**Exercise prompt**. An image-free reproduction of the data below is needed: print it exactly.

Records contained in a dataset
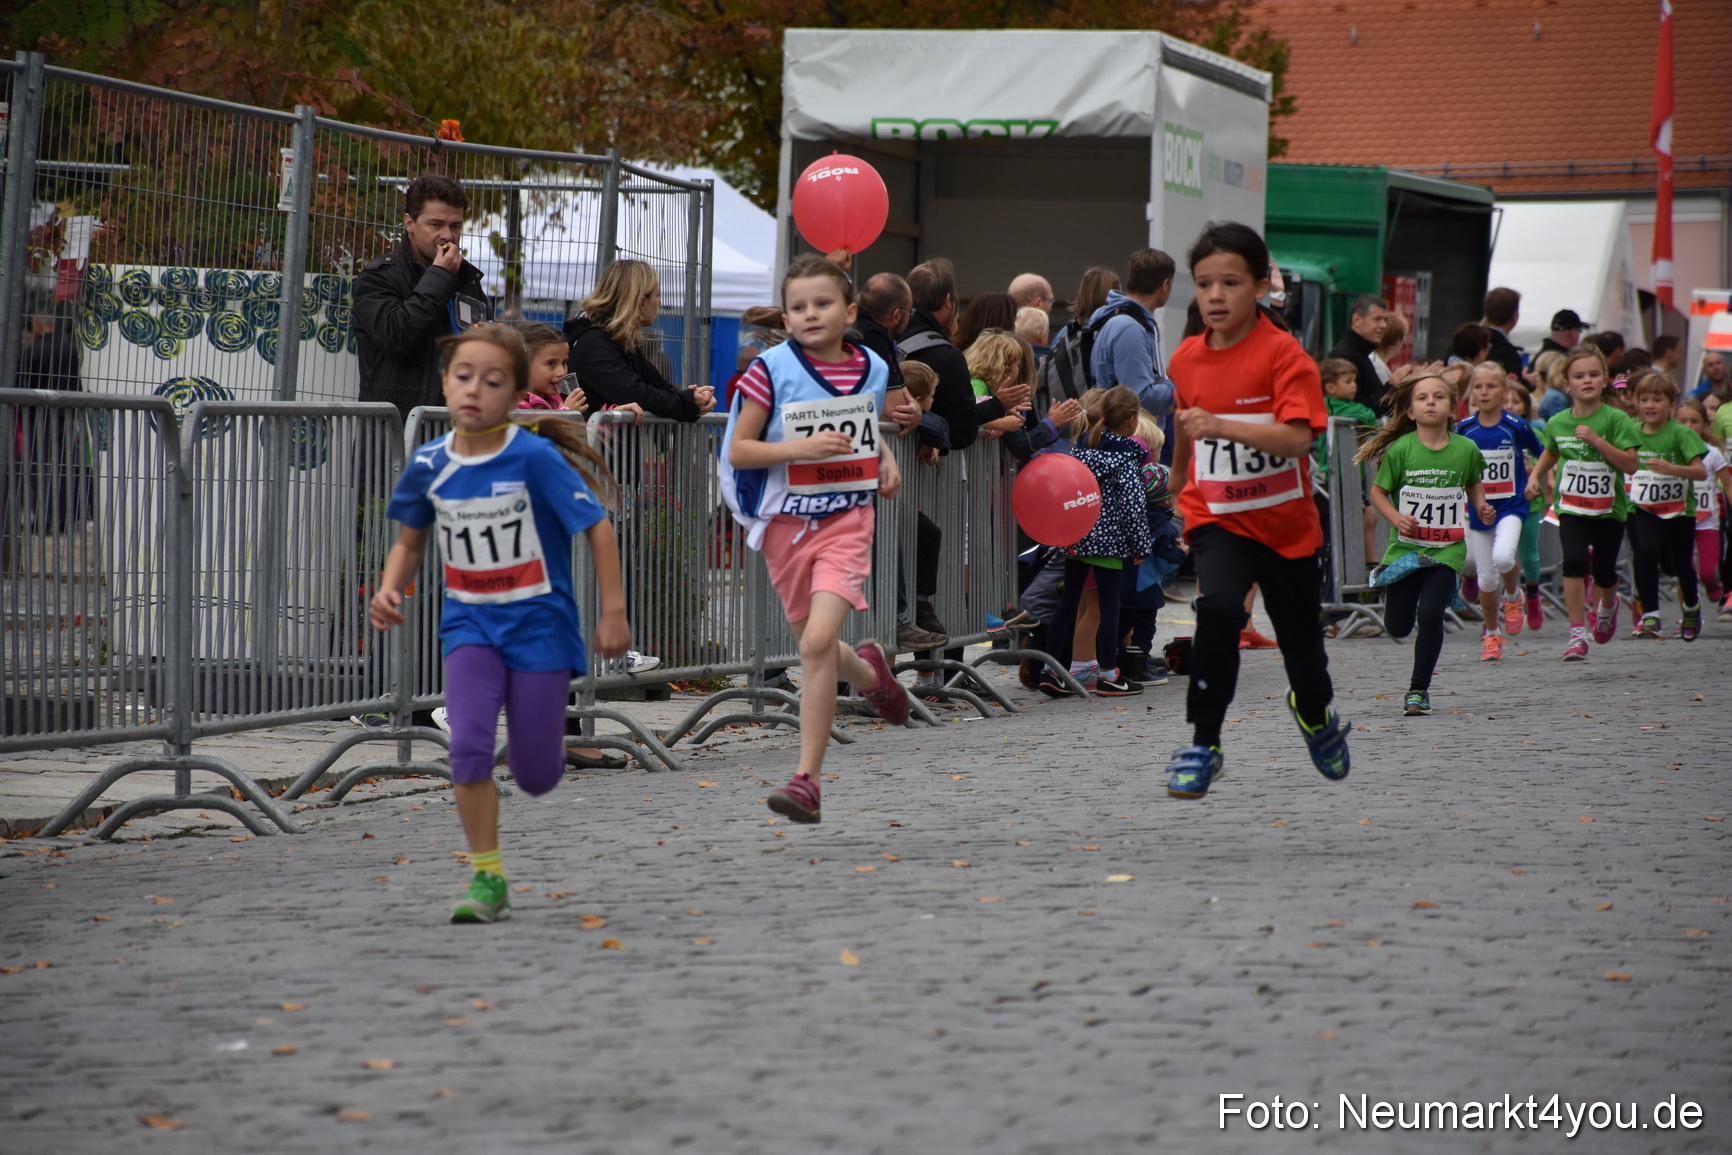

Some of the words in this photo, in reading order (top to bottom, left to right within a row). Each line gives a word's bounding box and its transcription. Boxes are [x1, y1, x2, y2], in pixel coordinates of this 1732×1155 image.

[1163, 121, 1203, 199] BOCK
[785, 411, 820, 422] PARTL
[821, 405, 865, 419] Neumarkt
[795, 418, 875, 454] 724
[816, 464, 864, 483] Sophia
[1225, 482, 1267, 500] Sarah
[1567, 473, 1611, 495] 7053
[1638, 483, 1683, 501] 7033
[1401, 491, 1424, 500] PARTL
[1407, 501, 1457, 526] 7411
[441, 519, 522, 565] 7117
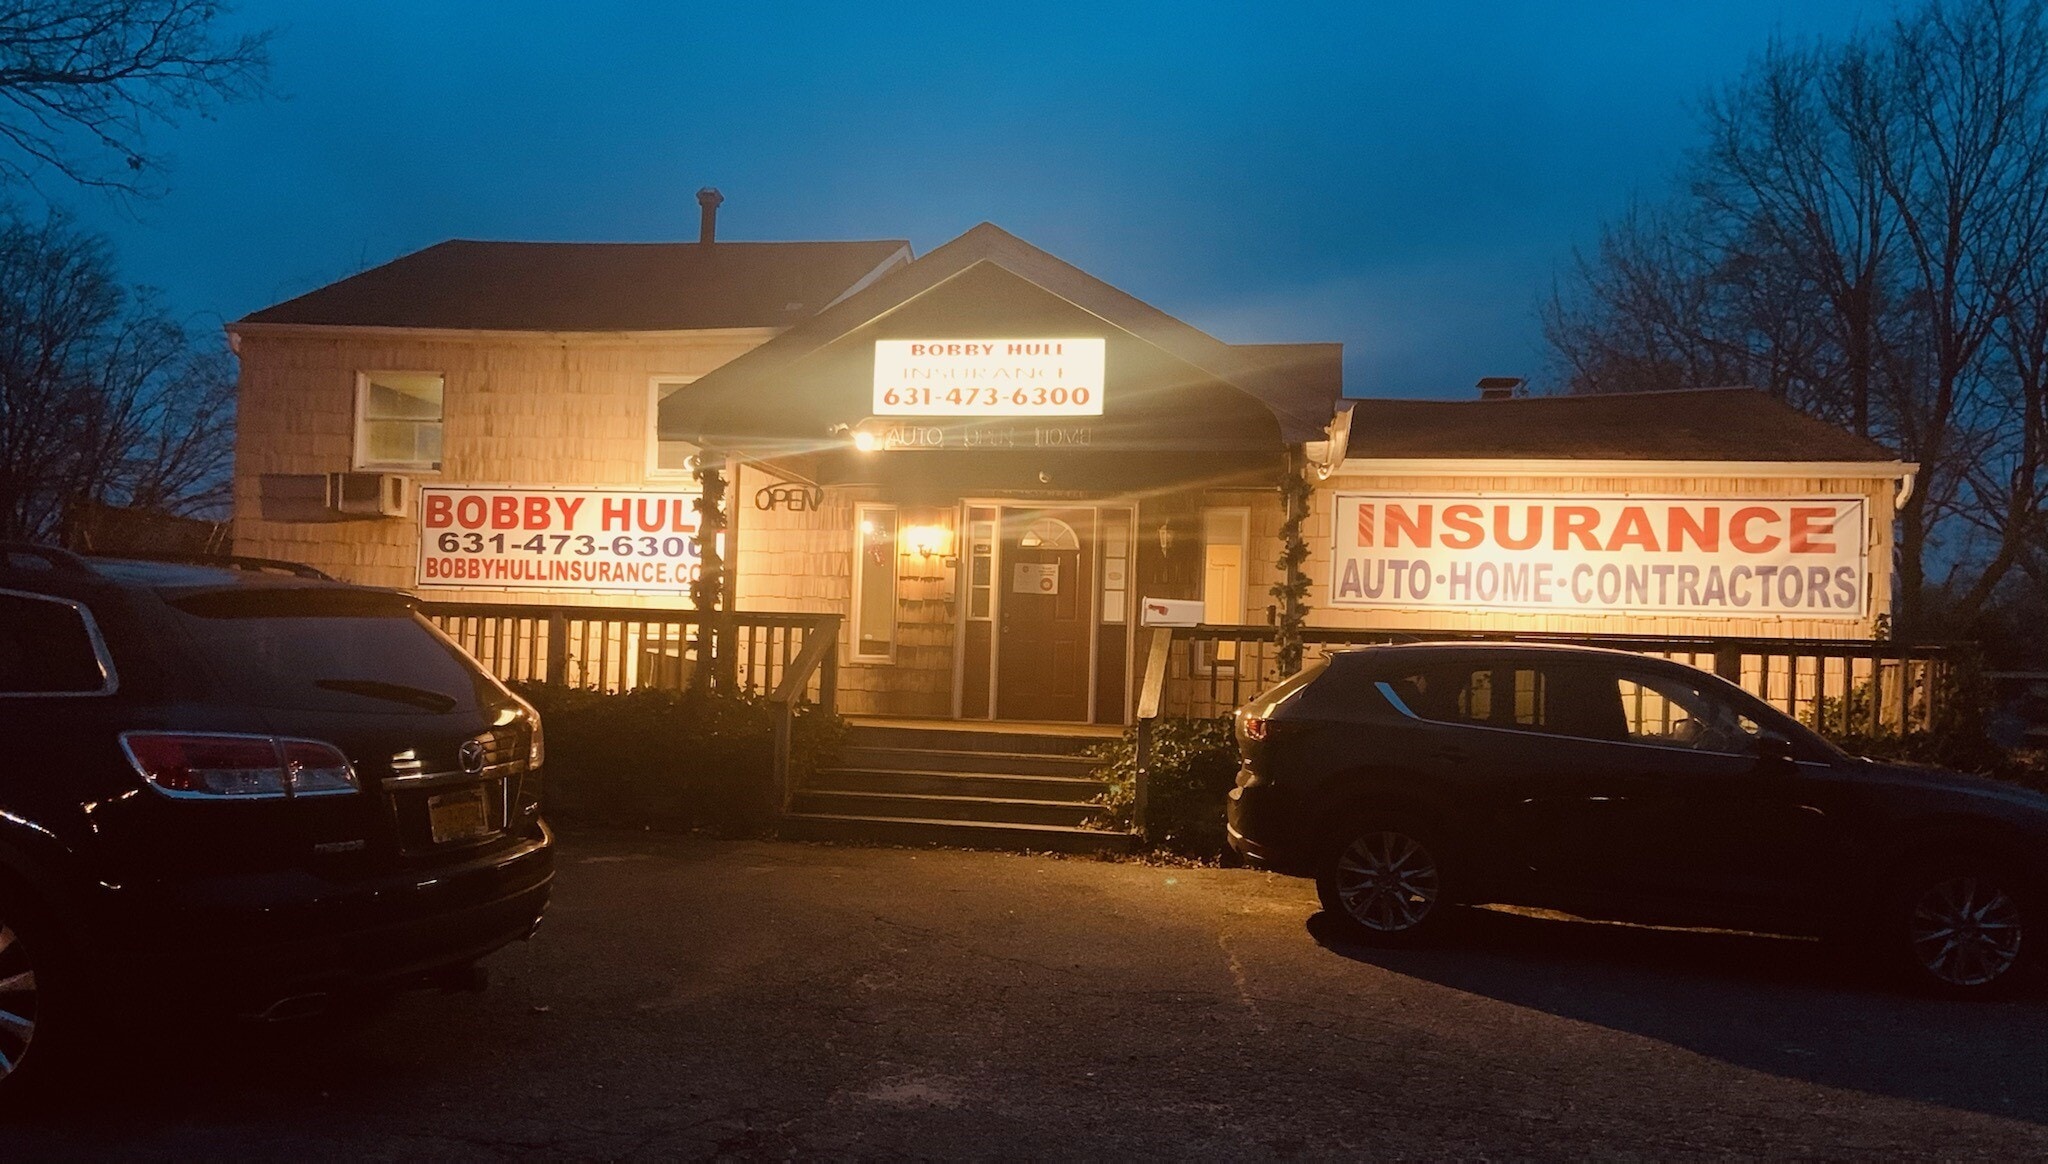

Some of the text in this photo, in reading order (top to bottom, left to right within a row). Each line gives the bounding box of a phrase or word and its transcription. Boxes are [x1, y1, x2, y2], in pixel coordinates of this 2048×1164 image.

[911, 343, 994, 357] BOBBY
[903, 367, 1064, 380] INURANE
[883, 387, 1090, 406] 631-473-6300
[888, 427, 943, 445] AUTO
[755, 487, 822, 512] OPEN
[425, 494, 728, 533] BOBBY HUL
[1357, 502, 1838, 554] INSURANCE
[425, 556, 702, 585] BOBBYHULLINSURANCE.CO
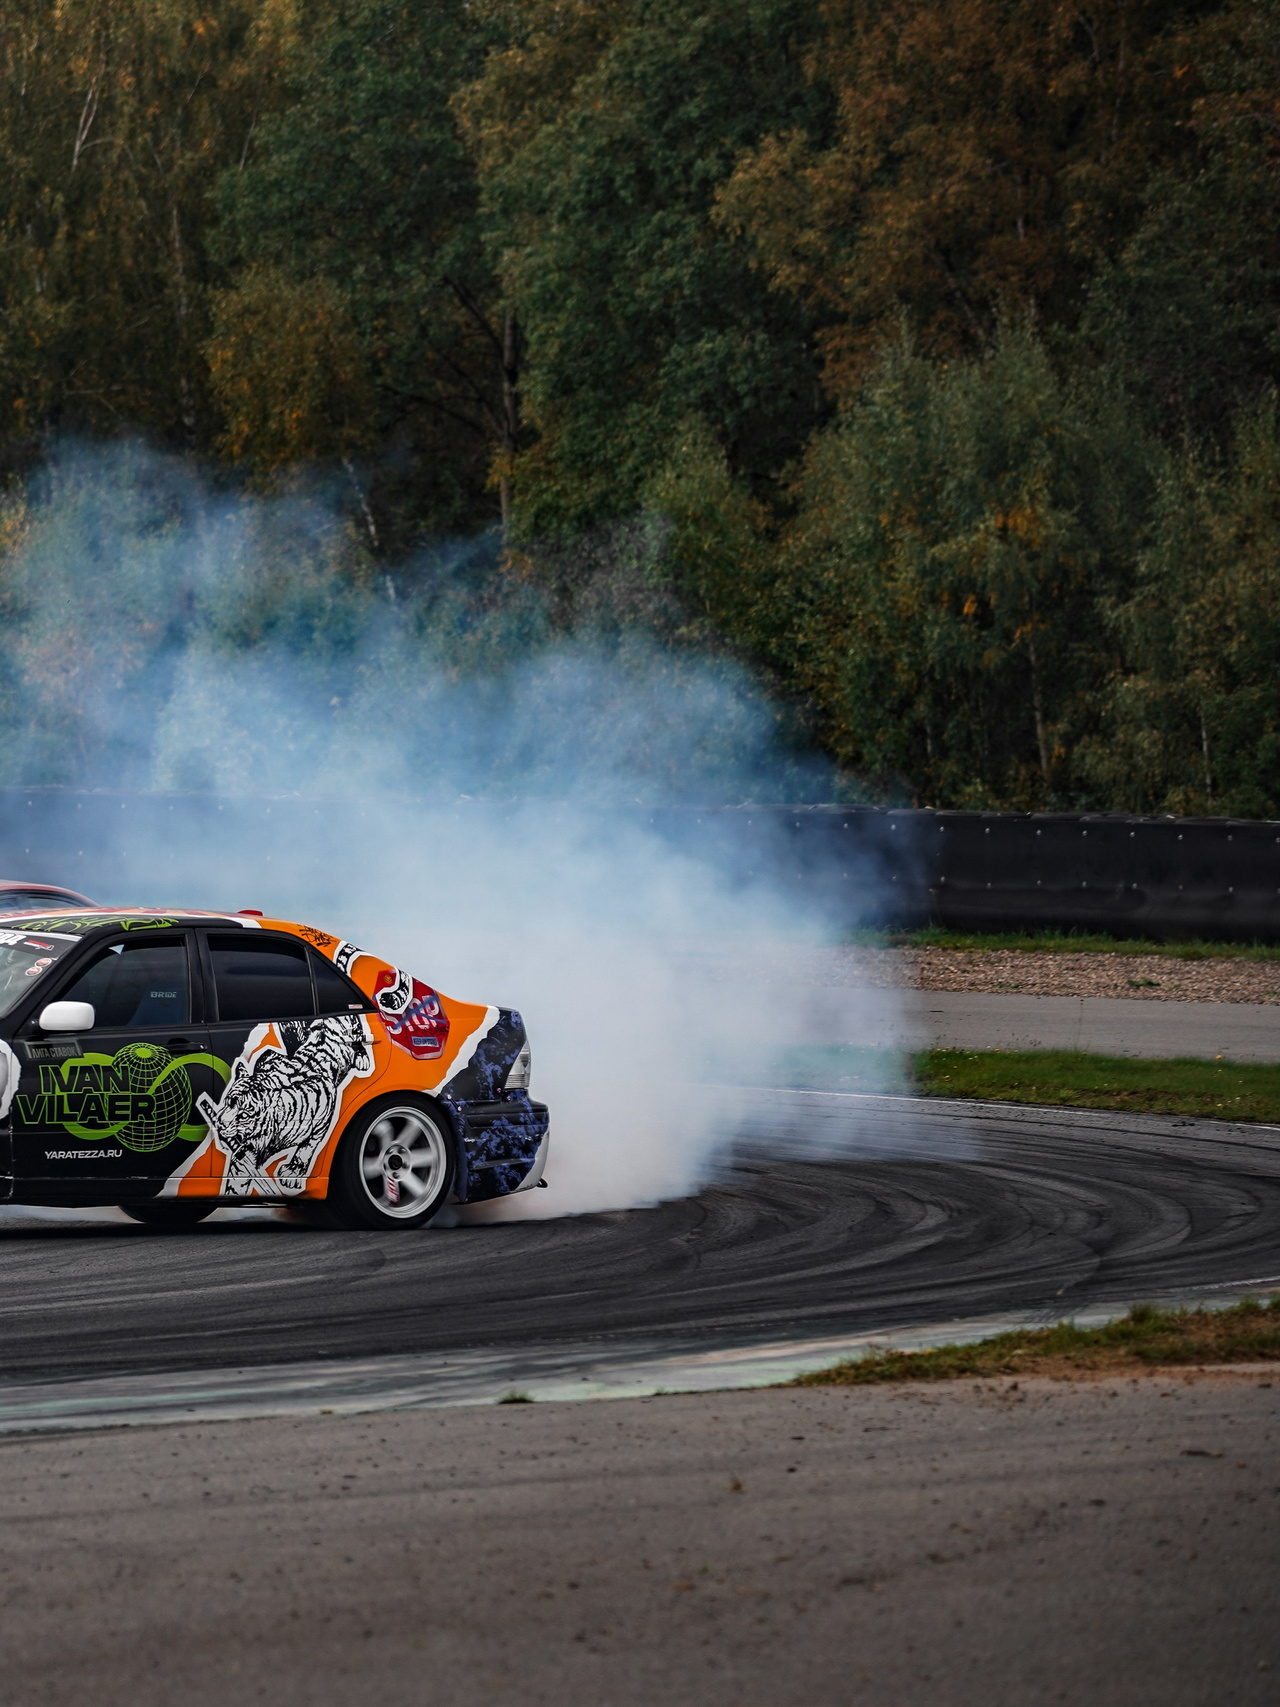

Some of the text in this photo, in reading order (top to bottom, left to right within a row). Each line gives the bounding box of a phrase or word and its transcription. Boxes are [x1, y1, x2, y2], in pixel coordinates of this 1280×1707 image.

[32, 1046, 77, 1058] ЛИГА СТАВОК
[39, 1065, 131, 1094] IVAN
[16, 1093, 156, 1124] VILAER
[45, 1150, 122, 1159] YARATEZZA.RU

**Finished task**.
Some of the words in this photo, in reading order (top to bottom, left to right within a row). Each line gives a word's bounding box and its transcription. Boxes are [x1, y1, x2, y2], in pixel coordinates of this 1732×1155 image.

[1163, 121, 1203, 199] BOCK
[785, 411, 820, 422] PARTL
[821, 405, 865, 419] Neumarkt
[795, 418, 875, 454] 724
[816, 464, 864, 483] Sophia
[1225, 482, 1267, 500] Sarah
[1567, 473, 1611, 495] 7053
[1638, 483, 1683, 501] 7033
[1401, 491, 1424, 500] PARTL
[1407, 501, 1457, 526] 7411
[441, 519, 522, 565] 7117

Some of the text in this photo, in reading order (top to bottom, left to right within a row). Each line gives the bounding box of a phrase or word and its transcription. Boxes are [x1, y1, x2, y2], in pixel coordinates of this 2048×1164 image.

[911, 343, 994, 357] BOBBY
[903, 367, 1064, 380] INURANE
[883, 387, 1090, 406] 631-473-6300
[888, 427, 943, 445] AUTO
[755, 487, 822, 512] OPEN
[425, 494, 728, 533] BOBBY HUL
[1357, 502, 1838, 554] INSURANCE
[425, 556, 702, 585] BOBBYHULLINSURANCE.CO

Some of the text in this photo, in reading order (top to bottom, left to right within a row). Each line gives the bounding box of a phrase or word and its transcription. Boxes are [x1, y1, x2, y2], in pixel coordinates of this 1280×1707 image.

[32, 1046, 77, 1058] ЛИГА СТАВОК
[39, 1065, 131, 1094] IVAN
[16, 1093, 156, 1124] VILAER
[45, 1150, 122, 1159] YARATEZZA.RU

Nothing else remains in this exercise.